◆ EXERCISE
Write out exactly, with no other output, the lines below from the one that contains "this 1500×1500 image." through the end.

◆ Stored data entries
──────────

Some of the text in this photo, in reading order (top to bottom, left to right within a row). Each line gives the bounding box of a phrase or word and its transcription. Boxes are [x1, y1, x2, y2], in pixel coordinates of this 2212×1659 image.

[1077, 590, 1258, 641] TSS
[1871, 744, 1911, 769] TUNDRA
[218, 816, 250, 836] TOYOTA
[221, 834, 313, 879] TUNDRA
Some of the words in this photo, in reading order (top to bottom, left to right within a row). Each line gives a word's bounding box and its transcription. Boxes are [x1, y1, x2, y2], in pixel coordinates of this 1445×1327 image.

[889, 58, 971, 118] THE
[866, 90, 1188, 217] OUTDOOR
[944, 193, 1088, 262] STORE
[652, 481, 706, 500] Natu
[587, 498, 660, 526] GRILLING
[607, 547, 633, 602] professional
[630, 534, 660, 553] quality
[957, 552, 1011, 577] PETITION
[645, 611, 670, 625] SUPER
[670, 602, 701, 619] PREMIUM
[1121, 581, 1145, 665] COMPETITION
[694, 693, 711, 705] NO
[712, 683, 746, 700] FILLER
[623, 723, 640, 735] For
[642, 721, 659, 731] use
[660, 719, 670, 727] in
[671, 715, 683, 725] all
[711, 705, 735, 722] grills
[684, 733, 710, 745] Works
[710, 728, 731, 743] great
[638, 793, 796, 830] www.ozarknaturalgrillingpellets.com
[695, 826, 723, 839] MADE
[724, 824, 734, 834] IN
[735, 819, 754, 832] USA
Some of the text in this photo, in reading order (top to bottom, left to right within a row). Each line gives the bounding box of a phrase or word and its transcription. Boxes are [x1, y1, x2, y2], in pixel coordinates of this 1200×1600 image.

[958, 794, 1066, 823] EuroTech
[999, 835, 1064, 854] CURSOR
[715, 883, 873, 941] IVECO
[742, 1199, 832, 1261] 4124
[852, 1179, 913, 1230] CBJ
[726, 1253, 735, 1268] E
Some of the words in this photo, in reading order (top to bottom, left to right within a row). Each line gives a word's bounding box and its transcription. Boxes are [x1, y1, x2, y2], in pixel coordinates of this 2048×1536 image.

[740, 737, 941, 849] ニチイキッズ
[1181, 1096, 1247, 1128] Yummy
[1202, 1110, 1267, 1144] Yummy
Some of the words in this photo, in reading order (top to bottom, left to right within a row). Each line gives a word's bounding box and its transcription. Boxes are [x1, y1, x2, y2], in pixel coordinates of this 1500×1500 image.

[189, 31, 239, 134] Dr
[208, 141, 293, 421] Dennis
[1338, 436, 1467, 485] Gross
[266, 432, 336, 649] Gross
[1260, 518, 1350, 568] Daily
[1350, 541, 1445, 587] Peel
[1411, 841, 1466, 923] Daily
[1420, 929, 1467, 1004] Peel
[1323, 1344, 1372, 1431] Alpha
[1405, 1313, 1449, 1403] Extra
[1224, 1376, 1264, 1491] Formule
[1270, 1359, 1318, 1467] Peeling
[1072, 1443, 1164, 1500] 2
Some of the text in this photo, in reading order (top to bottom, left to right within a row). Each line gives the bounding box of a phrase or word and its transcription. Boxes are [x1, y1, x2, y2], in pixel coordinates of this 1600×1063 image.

──────────

◆ EXERCISE ANSWER
Some of the words in this photo, in reading order (top to bottom, left to right within a row). Each line gives a word's bounding box and its transcription. Boxes are [x1, y1, x2, y2], in pixel coordinates of this 1500×1500 image.

[189, 31, 239, 134] Dr
[208, 141, 293, 421] Dennis
[1338, 436, 1467, 485] Gross
[266, 432, 336, 649] Gross
[1260, 518, 1350, 568] Daily
[1350, 541, 1445, 587] Peel
[1411, 841, 1466, 923] Daily
[1420, 929, 1467, 1004] Peel
[1323, 1344, 1372, 1431] Alpha
[1405, 1313, 1449, 1403] Extra
[1224, 1376, 1264, 1491] Formule
[1270, 1359, 1318, 1467] Peeling
[1072, 1443, 1164, 1500] 2
Some of the text in this photo, in reading order (top to bottom, left to right within a row). Each line gives the bounding box of a phrase or word and its transcription. Boxes are [x1, y1, x2, y2], in pixel coordinates of this 1600×1063 image.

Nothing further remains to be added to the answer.